(YOUR INSTRUCTIONS): Set down the whole listing below exactly, without pictures.

(MATERIAL SUPPLIED):
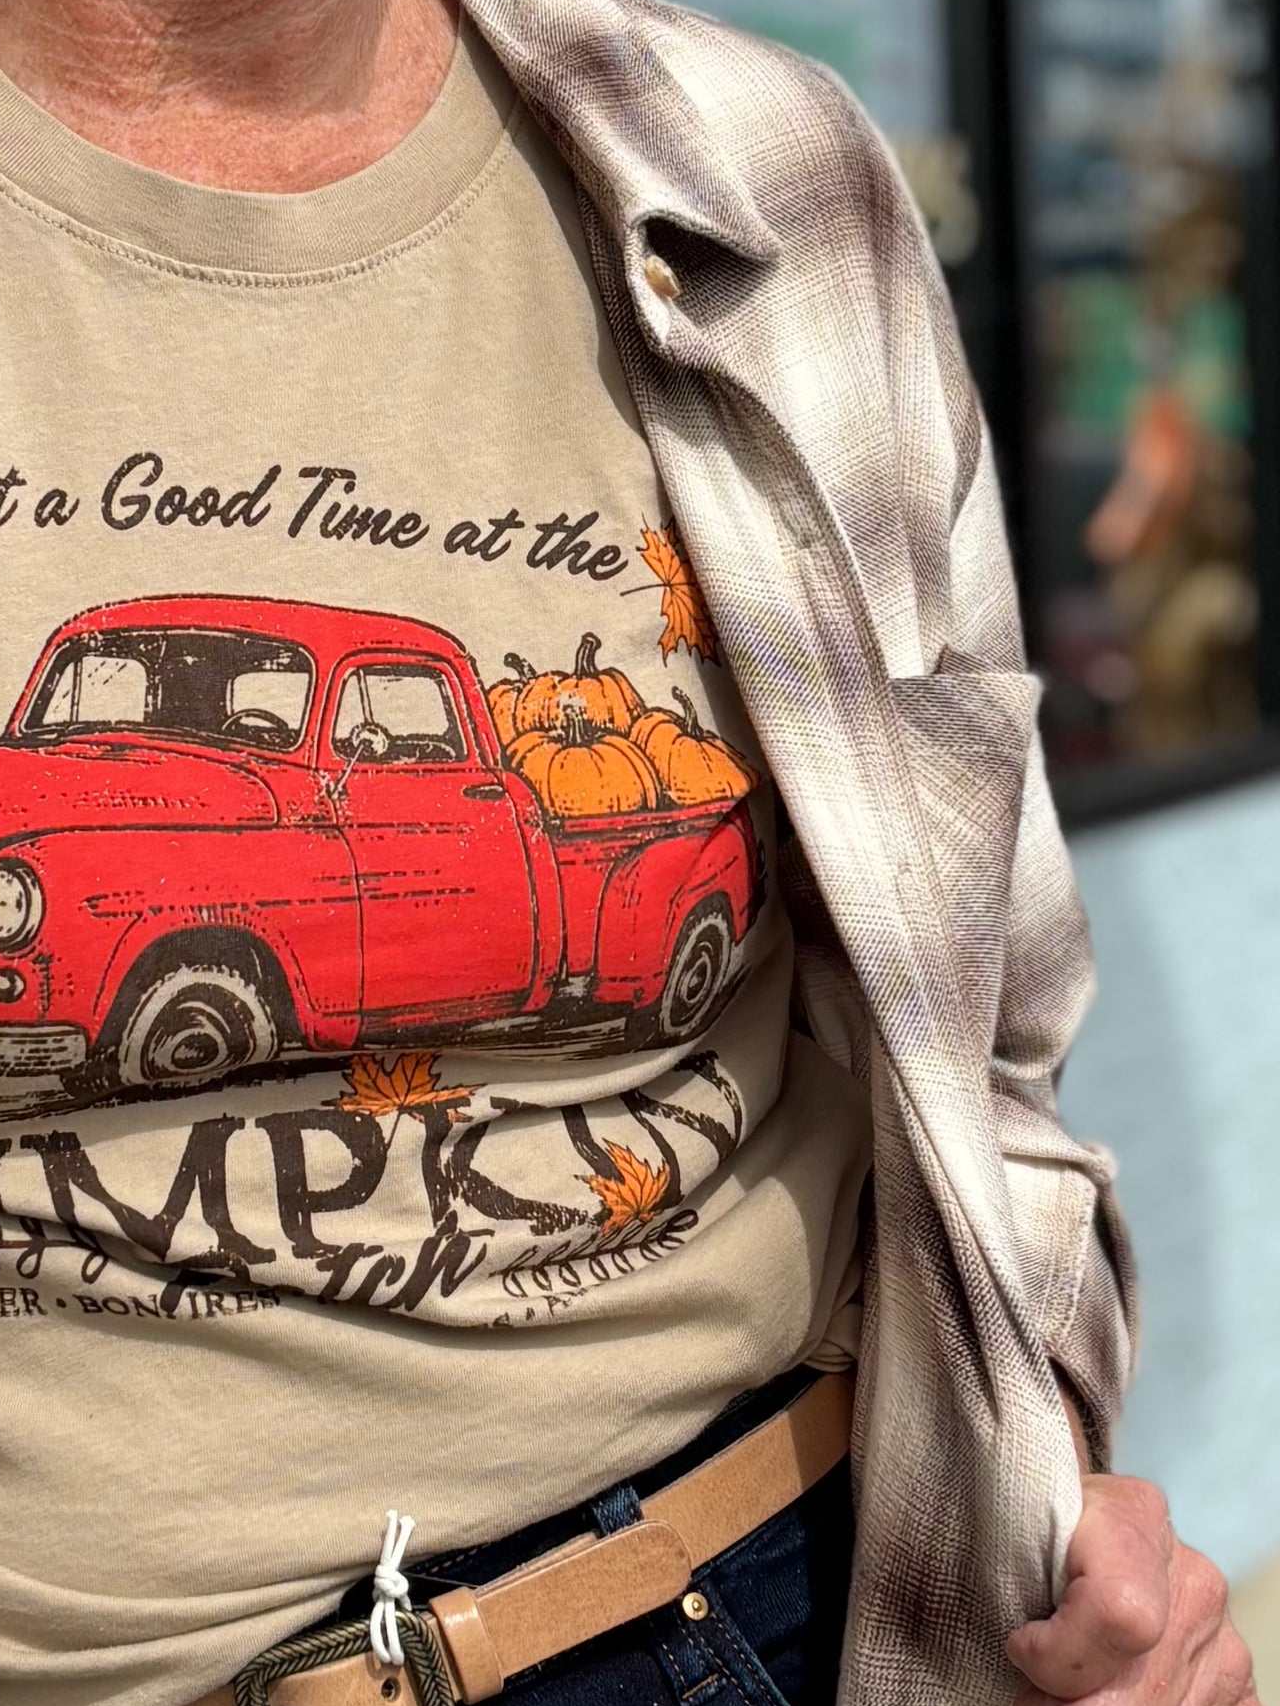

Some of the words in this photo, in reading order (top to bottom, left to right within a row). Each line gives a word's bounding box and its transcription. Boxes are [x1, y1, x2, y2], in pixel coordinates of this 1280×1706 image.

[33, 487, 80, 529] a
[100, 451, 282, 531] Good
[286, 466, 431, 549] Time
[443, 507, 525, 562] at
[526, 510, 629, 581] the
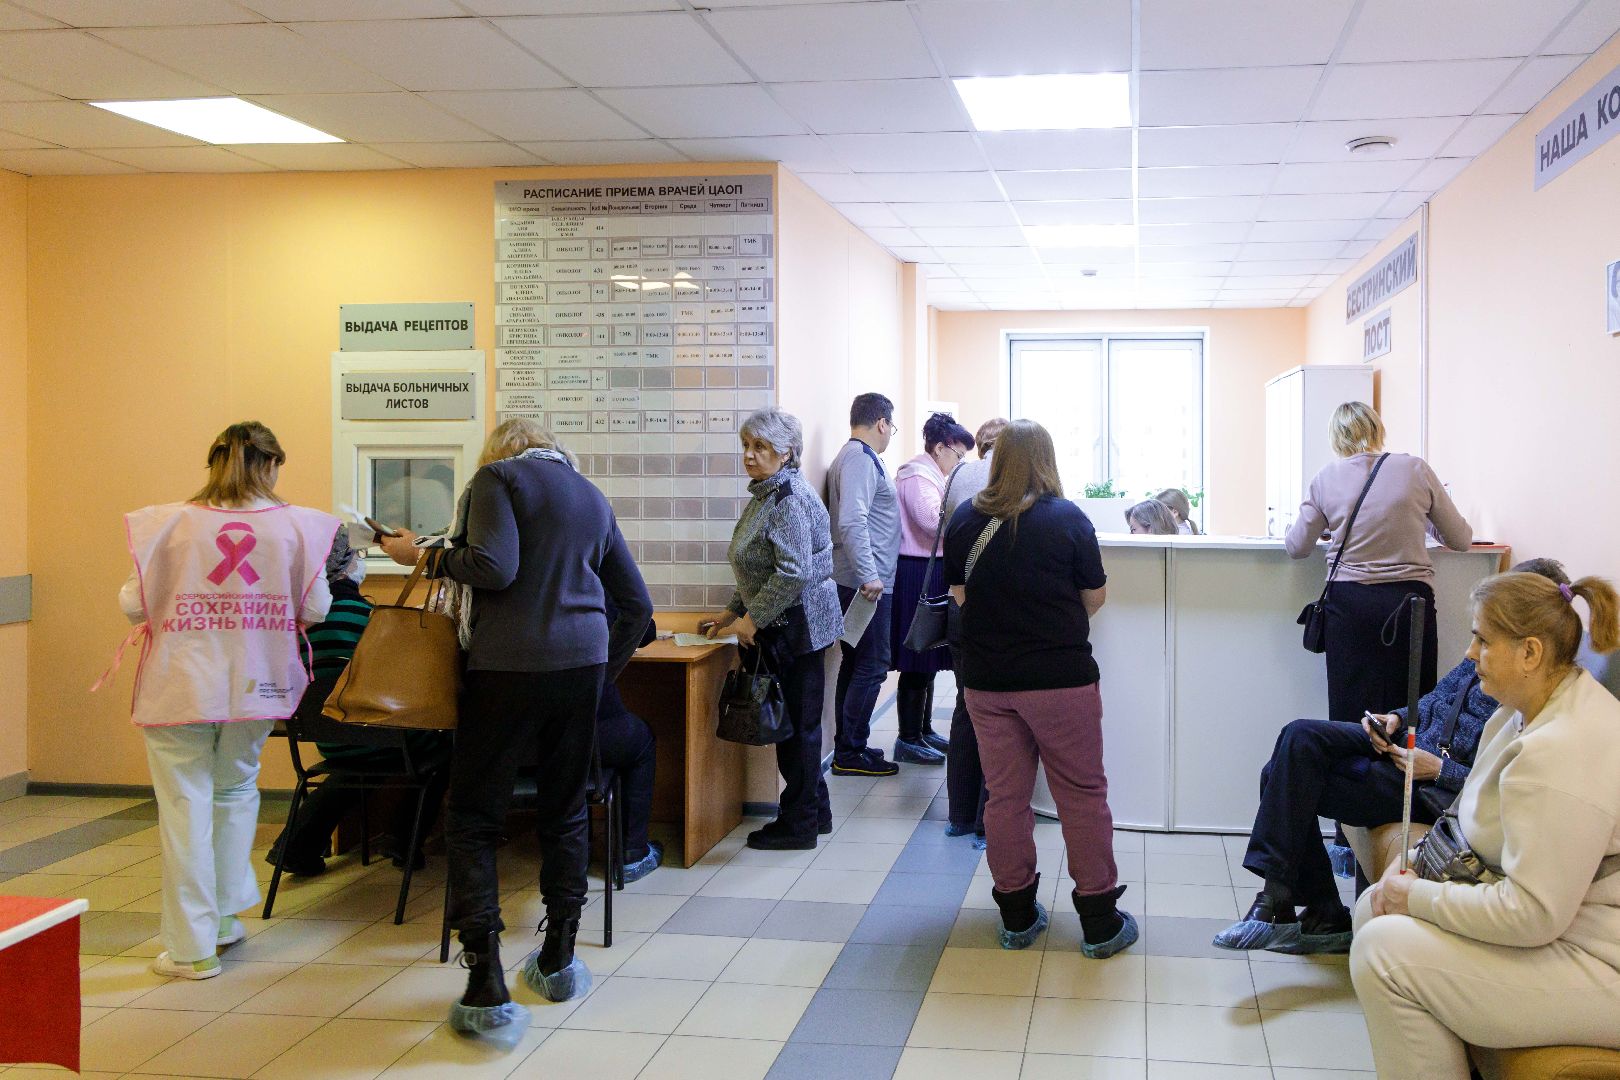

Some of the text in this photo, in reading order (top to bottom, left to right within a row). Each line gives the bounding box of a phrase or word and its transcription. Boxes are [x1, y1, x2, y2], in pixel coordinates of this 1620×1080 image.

(RESPONSE TO THIS EXERCISE):
Some of the words in this photo, in reading order (top to bottom, left to right within a row). Each line gives a word's bounding box and its transcription. Boxes are [x1, y1, x2, y2], in pixel coordinates of this 1280×1706 image.

[33, 487, 80, 529] a
[100, 451, 282, 531] Good
[286, 466, 431, 549] Time
[443, 507, 525, 562] at
[526, 510, 629, 581] the

Some of the text in this photo, in reading order (top to bottom, left to right within a row). Each line gives the bounding box of a phrase or word and its transcription. Boxes are [x1, y1, x2, y2], in pixel coordinates of this 1620×1080 image.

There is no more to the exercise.